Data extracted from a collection

+ + + + + + +

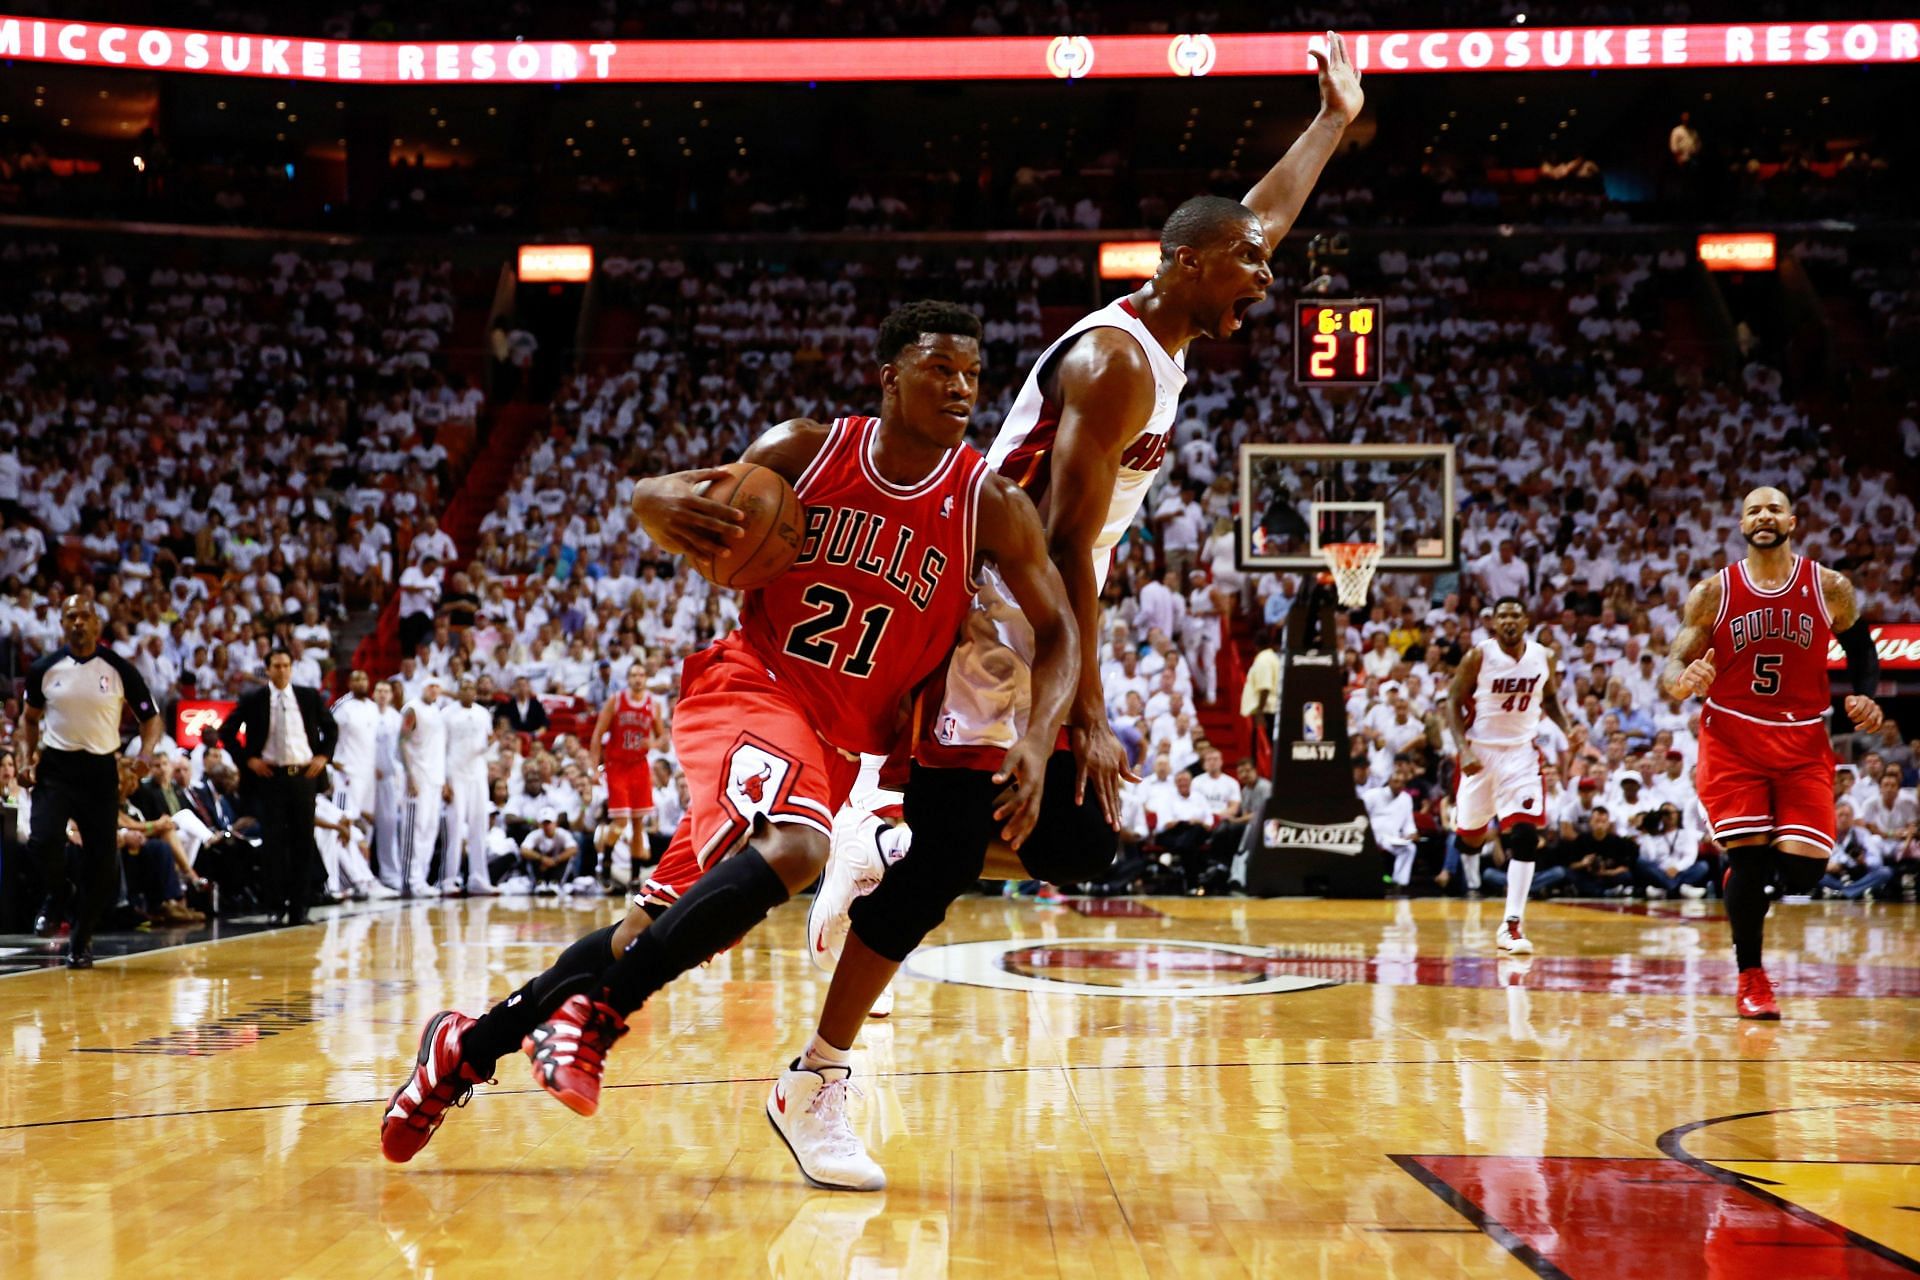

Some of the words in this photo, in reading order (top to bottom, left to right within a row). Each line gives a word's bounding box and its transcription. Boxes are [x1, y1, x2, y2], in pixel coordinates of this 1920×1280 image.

[398, 43, 616, 79] RESORT
[1726, 23, 1919, 62] RESOR
[1318, 308, 1373, 334] 6:10
[1311, 334, 1365, 377] 21
[794, 505, 947, 612] BULLS
[783, 582, 894, 679] 21
[1730, 608, 1813, 652] BULLS
[1491, 673, 1541, 693] HEAT
[1751, 653, 1783, 696] 5
[1501, 694, 1531, 712] 40
[1277, 826, 1365, 844] PLAYOFFS
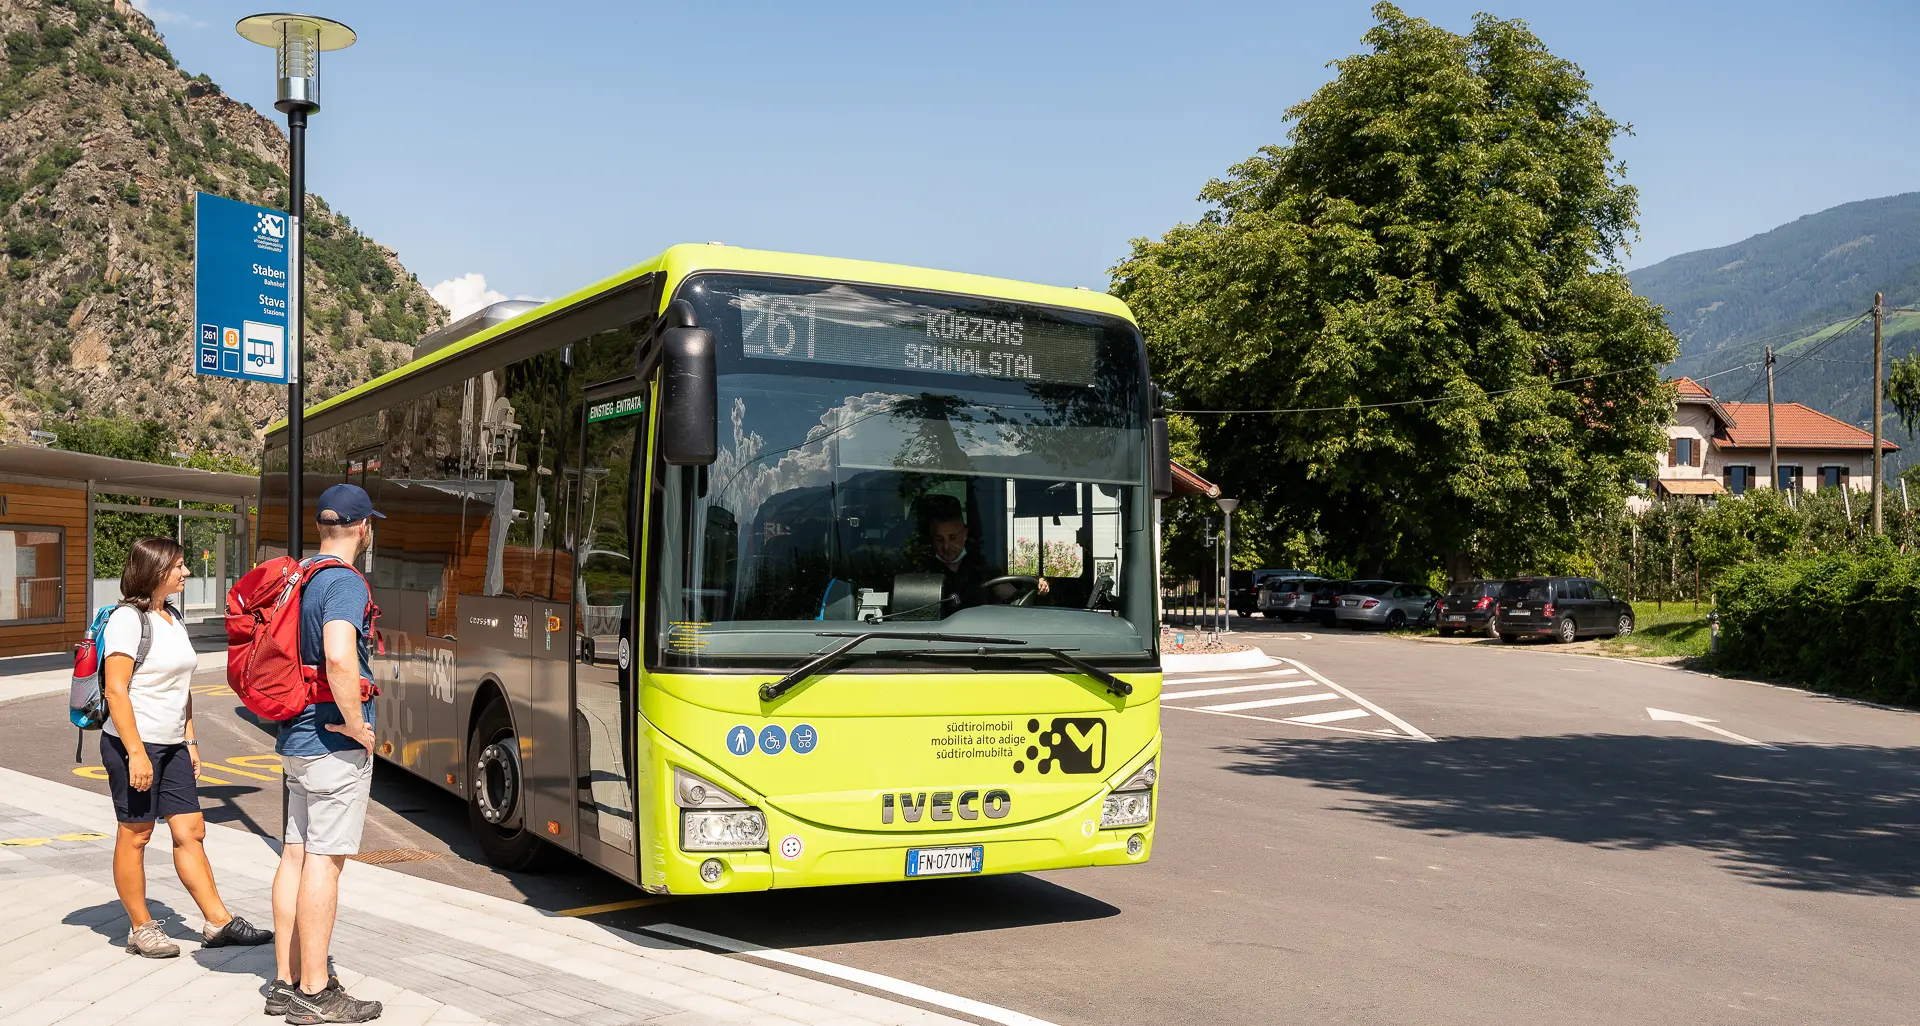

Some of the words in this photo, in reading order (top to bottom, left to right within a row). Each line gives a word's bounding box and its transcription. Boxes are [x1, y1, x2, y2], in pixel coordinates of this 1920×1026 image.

[252, 263, 285, 280] Staben
[264, 279, 285, 288] Bahnhof
[259, 293, 285, 309] Stava
[263, 308, 285, 317] Stazione
[742, 294, 816, 358] 261
[926, 312, 1024, 346] KURZRAS
[203, 330, 216, 341] 261
[203, 354, 216, 364] 267
[904, 343, 1041, 379] SCHNALSTAL
[590, 402, 613, 419] EINSTIEG
[616, 396, 641, 413] ENTRATA
[946, 721, 1013, 732] südtirolmobil
[931, 735, 973, 746] mobilità
[976, 734, 996, 745] alto
[998, 734, 1026, 746] adige
[936, 747, 1013, 759] südtirolmubiltà
[881, 789, 1012, 824] IVECO

+ + + + + + +

▶ WHAT IS NEEDED
Omit the pictures, then copy out all the data exactly as it stands.

▶ FINISHED TASK
Some of the words in this photo, in reading order (top to bottom, left to right within a row). Each line gives a word's bounding box and its transcription. Boxes are [x1, y1, x2, y2], in pixel coordinates of this 1920×1280 image.

[398, 43, 616, 79] RESORT
[1726, 23, 1919, 62] RESOR
[1318, 308, 1373, 334] 6:10
[1311, 334, 1365, 377] 21
[794, 505, 947, 612] BULLS
[783, 582, 894, 679] 21
[1730, 608, 1813, 652] BULLS
[1491, 673, 1541, 693] HEAT
[1751, 653, 1783, 696] 5
[1501, 694, 1531, 712] 40
[1277, 826, 1365, 844] PLAYOFFS

Some of the words in this photo, in reading order (top to bottom, left to right within a row). Each line gives a word's bounding box and its transcription. Boxes are [x1, y1, x2, y2], in pixel coordinates of this 1920×1026 image.

[252, 263, 285, 280] Staben
[264, 279, 285, 288] Bahnhof
[259, 293, 285, 309] Stava
[263, 308, 285, 317] Stazione
[742, 294, 816, 358] 261
[926, 312, 1024, 346] KURZRAS
[203, 330, 216, 341] 261
[203, 354, 216, 364] 267
[904, 343, 1041, 379] SCHNALSTAL
[590, 402, 613, 419] EINSTIEG
[616, 396, 641, 413] ENTRATA
[946, 721, 1013, 732] südtirolmobil
[931, 735, 973, 746] mobilità
[976, 734, 996, 745] alto
[998, 734, 1026, 746] adige
[936, 747, 1013, 759] südtirolmubiltà
[881, 789, 1012, 824] IVECO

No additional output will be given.